Bersumber dari skripsi Sarah Nazilla pada Fakultas Syari’ah dan Hukum Universitas Islam Negeri (UIN) Ar-Raniry Darussalam Banda Aceh berjudul “Metode Ijtihad Hukum Bunga Bank” (2022) diperoleh keterangan bahwa bunga bank merupakan perkara yang sifatnya khilafiyyah di kalangan ulama. Sehingga kita tidak bisa memvonis bahwa orang yang menghalalkan BUNGA BANK sama dengan yang menghalalkan RIBA.
Nama lengkapnya adalah Abu ‘Ubadah Nur al-Din bin Jum’ah bin Muhammad bin ‘Abd al-Wahhab bin Salim bin Abd Allah bin Salam r.a. Beliau lebih dikenal dengan nama Dr. Ali Jum’ah atau Syekh Ali Jum’ah yang lahir pada tanggal 3 Maret 1952.
Syekh Ali Jum’ah mulai menghafal Al-Qur’an pada usia 10 tahun dimana gelar sarjananya diperoleh dari Fakultas Studi Islam dan Bahasa Arab, Universitas Al-Azhar pada tahun 1979. Selanjutnya beliau meraih gelar magister pada tahun 1985 dan diikuti gelar doktor pada tahun 1988 di universitas yang sama. Pada tahun 2003, Syekh Ali Jum’ah ditunjuk sebagai Mufti Mesir.
Syekh Ali Jum’ah menyatakan bahwa diantara para ulama tidak pernah ada kesepakatan mengenai halal atau haramnya bunga bank. Beliau menyokong pendapat pendahulunya yaitu Sayyid Tantawi dan fatwa Majma’ Al-Buhuts Al-Islamiyah Al Azhar yang menyatakan bahwa bunga bank itu bukanlah riba yang diharamkan.
Beliau memandang uang tersebut sebagai bagi hasil keuntungan dari suatu usaha. Keuntungan itu dibagikan kepada pemilik harta oleh pihak yang meminjam. Pada tahun 2017 saat beliau mengisi acar di sebuah stasiun TV, dikatakan, “Bunga bank merupakan sebuah keuntungan yang halal dan tidak ada syubhat di dalamnya, dan barangsiapa menginfakkan uang yang diperoleh dari bunga bank itu maka hukumnya boleh. Sebagian manusia menganggap bahwa bunga bank adalah haram. Akan tetapi terlihat secara jelas bahwa bunga bank merupakan keuntungan yang halal karena tugas bank adalah menginvestasikan uang yang dikumpulkannya dari nasabah kepada medan yang diketahui, dan hasil dari investasi itu kembali kepada bank dan pemilik modal.

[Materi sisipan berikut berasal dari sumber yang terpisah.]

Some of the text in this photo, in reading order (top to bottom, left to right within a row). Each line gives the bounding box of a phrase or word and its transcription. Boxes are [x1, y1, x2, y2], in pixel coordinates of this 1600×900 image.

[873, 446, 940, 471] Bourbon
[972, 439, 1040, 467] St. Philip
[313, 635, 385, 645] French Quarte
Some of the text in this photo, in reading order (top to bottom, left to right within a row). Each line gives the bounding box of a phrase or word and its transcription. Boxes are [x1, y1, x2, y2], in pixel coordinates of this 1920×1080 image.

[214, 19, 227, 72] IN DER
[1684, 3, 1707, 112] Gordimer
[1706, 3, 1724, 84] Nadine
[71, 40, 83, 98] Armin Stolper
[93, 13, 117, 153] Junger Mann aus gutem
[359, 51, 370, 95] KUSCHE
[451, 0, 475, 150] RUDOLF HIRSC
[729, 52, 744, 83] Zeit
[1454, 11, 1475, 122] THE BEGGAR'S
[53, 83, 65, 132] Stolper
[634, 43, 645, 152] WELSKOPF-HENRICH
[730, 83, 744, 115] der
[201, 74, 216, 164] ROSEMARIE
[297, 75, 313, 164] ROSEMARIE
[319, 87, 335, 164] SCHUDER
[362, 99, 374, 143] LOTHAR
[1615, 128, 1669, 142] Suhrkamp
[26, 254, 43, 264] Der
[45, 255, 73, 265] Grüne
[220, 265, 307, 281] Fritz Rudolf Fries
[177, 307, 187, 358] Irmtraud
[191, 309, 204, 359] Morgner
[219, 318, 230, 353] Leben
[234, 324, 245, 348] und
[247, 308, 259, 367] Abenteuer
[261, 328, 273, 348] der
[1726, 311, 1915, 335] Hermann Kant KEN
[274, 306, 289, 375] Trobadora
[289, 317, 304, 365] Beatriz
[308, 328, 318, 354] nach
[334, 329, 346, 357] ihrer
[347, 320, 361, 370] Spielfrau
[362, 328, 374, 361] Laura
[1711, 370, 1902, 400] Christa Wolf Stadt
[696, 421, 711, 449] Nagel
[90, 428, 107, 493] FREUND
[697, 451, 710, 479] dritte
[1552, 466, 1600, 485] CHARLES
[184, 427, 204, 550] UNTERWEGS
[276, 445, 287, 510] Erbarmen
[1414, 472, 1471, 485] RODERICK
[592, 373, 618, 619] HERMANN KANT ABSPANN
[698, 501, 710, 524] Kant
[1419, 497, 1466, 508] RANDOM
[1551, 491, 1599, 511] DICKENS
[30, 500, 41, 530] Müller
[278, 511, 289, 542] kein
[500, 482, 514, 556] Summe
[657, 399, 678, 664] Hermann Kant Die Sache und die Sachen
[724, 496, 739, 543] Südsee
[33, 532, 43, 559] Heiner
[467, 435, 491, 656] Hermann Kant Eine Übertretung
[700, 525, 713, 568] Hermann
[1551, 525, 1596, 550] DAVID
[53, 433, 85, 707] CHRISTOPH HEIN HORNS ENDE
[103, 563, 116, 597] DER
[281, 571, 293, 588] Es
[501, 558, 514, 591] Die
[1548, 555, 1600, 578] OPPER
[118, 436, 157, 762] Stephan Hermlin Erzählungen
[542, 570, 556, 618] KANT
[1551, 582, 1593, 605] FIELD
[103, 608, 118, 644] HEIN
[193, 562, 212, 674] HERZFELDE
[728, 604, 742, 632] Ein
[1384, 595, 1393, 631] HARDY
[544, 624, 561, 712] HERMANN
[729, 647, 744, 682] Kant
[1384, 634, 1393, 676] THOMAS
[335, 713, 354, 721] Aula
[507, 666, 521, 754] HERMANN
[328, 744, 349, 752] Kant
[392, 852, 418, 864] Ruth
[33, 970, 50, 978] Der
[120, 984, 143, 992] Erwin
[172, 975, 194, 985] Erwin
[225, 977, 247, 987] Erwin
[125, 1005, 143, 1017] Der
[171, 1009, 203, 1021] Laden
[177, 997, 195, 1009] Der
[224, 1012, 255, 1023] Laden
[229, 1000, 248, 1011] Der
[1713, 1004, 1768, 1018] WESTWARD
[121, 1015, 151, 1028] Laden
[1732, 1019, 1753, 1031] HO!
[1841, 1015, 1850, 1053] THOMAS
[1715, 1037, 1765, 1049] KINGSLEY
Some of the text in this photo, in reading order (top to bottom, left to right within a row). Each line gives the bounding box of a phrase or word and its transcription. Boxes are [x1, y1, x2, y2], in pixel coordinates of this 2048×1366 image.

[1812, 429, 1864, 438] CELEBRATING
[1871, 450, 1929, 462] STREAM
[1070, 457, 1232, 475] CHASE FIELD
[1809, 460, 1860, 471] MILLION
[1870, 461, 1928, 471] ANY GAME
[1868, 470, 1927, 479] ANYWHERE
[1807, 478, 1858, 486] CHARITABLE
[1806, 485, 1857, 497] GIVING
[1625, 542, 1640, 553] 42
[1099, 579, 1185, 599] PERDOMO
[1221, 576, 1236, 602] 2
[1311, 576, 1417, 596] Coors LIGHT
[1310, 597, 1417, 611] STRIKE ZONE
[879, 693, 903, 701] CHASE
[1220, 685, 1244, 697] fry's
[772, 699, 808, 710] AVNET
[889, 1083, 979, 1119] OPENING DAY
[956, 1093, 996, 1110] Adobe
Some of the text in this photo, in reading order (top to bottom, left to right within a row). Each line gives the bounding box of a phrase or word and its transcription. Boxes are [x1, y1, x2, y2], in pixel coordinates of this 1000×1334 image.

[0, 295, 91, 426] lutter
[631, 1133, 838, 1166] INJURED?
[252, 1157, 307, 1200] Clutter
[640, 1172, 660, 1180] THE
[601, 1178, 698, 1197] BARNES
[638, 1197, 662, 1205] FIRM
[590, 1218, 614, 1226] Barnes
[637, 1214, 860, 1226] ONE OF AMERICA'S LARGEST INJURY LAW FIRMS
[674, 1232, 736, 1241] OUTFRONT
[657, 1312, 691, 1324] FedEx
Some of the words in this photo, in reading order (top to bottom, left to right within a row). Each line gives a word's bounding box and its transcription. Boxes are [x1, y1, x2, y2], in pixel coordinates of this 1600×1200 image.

Syekh Ali Jum’ah mengatakan pendapat tersebut didasarkan pada 2 (dua) alasan yaitu : (1) Hakikat bank itu sendiri merupakan lembaga yang berfungsi menginvestasikan uang dan bukan hanya sebagai lembaga pemberi utang dan berutang; (2) Bank merupakan sumber kemajuan kebahagiaan serta kemakmuran yang berasaskan pada syariat Islam yang benar dan tidak termasuk riba.
Senada dengan Syekh Ali Jum’ah, Syekh Sayyid Thantawi dalam fatwanya juga menyebtukan bahwa bunga bank dari hasil menabung di bank bukanlah riba yang diharamkan namun merupakan bagi hasil atas usaha bersama. Meski pembagian hasil itu sudah ditentukan nilainya di awal namun menurutnya, hal itu sah-sah saja asal sudah melalui proses saling ridha diantara keduanya.
Syekh Mahmud Syaltut berpendapat bahwa menyimpan uang di bank bukanlah meminjamkan uang kepada bank namun pada hakikatnya adalah titipan kepada bank karena dirasa tidak aman menyimpan uang di rumah. Maka sejak awal tidak pernah ada akad pinjam uang sehingga pemberian bunga dari bank kepada pemilik titipan itu tidak bisa disebut sebagai riba namun merupakan penghargaan. Bahkan jika uang titipan itu digunakan ke pihak lain sebagai usaha maka termasuk amal kebaikan sepanjang tidak ada pihak yang dirugikan.
Pada kenyataan memang bunga sudah dianggap (-), walaupun pada kenyataan cara lain yang dibuat menggantikan konsep bunga ini dibuat, padahal ya sama2 saja. Tapi karena caranya beda ya dianggap beda, tapi sebenarnya mana saja, yang jelas saat gak bisa orang hidup bebas namanya 'bunga', kecuali hidup dengan kelompok homogen. Sedangkan gak mungkin, dunia ini heterogen, jadi nikmatilah.